Interpreting and Controlling Intermediate Representations in Large Language Models

Add to your list(s) Download to your calendar using vCal

  • UserNicola Cancedda -Meta's Fundamental AI Research (FAIR) team.
  • ClockTuesday 26 November 2024, 14:00-15:00
  • HouseComputer Lab, LT1.

If you have a question about this talk, please contact Sally Matthews.

Large Language Models (LLMs) reshaped the AI landscape and invited themselves as dinner-table topics, yet we do not really understand how they work. Propelled by this consideration, the field of AI interpretability is enjoying a revival. In this talk I will introduce some fundamental interpretability concepts and discuss how insights from studying the internal activations of models led us to develop a training framework that significantly increases the robustness of LLMs to ‘jailbreaking’ attacks. I will also illustrate some explorations of the internal workings of transformer-based autoregressive LLMs that unexpectedly led to explaining ‘attention sinking’, a necessary mechanism for their proper functioning. I will finally offer my perspective on interesting future directions.

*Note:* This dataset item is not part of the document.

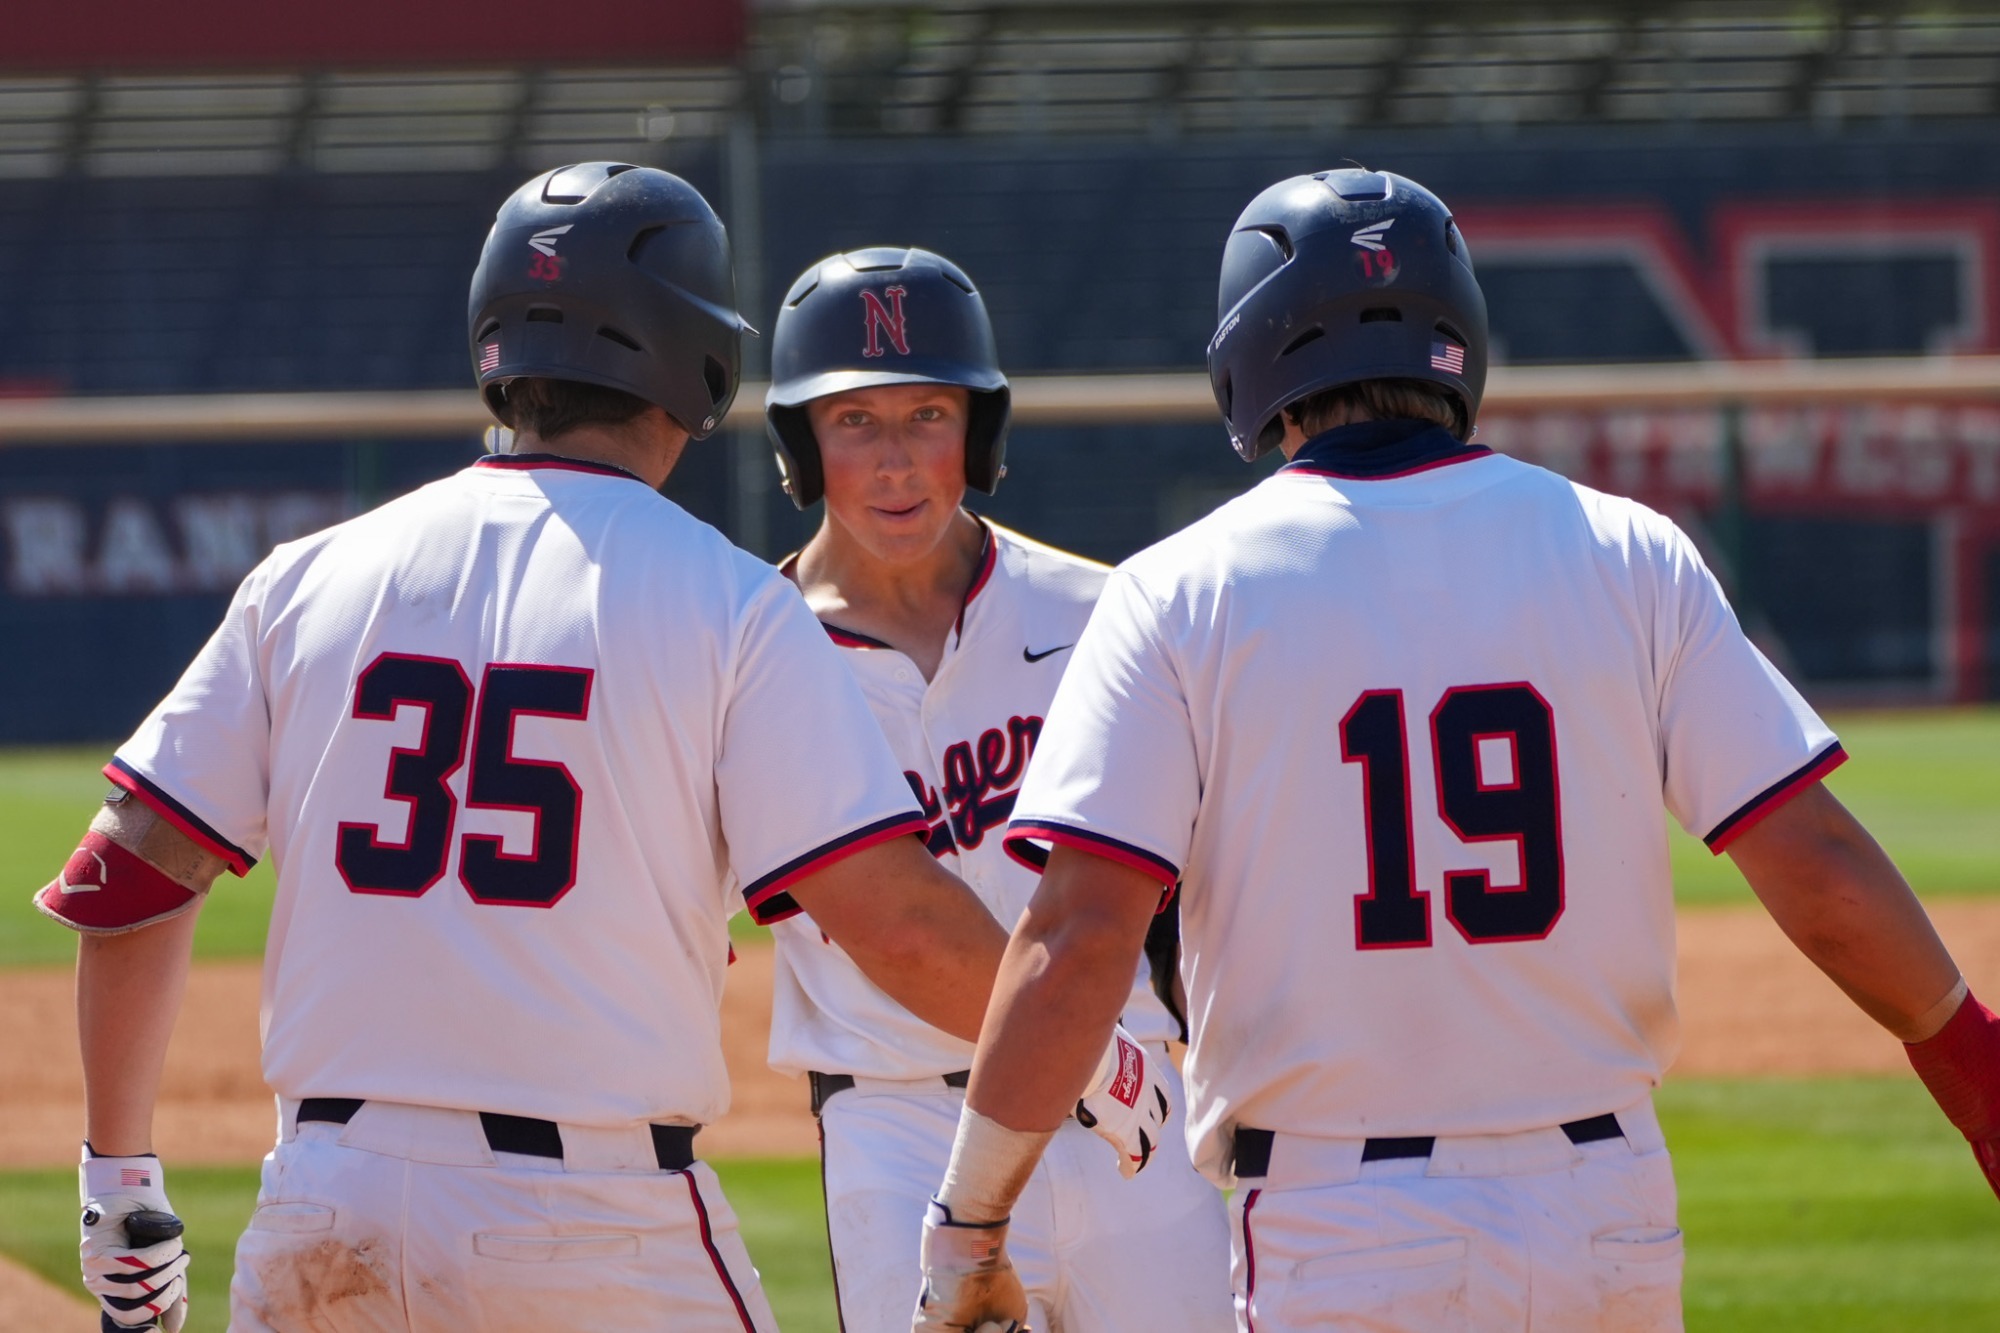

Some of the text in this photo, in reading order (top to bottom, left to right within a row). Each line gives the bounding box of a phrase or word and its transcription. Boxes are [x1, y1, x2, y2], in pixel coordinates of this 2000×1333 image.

Nicola Cancedda is a researcher with Meta’s Fundamental AI Research (FAIR) team. His current focus is on better understanding how Large Language Models realize complex behaviors to make them more capable, safer, and more efficient. He is an alumnus of the University of Rome “La Sapienza”, and has held applied and fundamental research and management positions at Meta, Xerox, and Microsoft, pushing the state of the art in Machine Learning, Machine Translation, and Natural Language Processing, and leading the transfer of research results to large-scale production environment.

This talk is part of the Cambridge ML Systems Seminar Series series.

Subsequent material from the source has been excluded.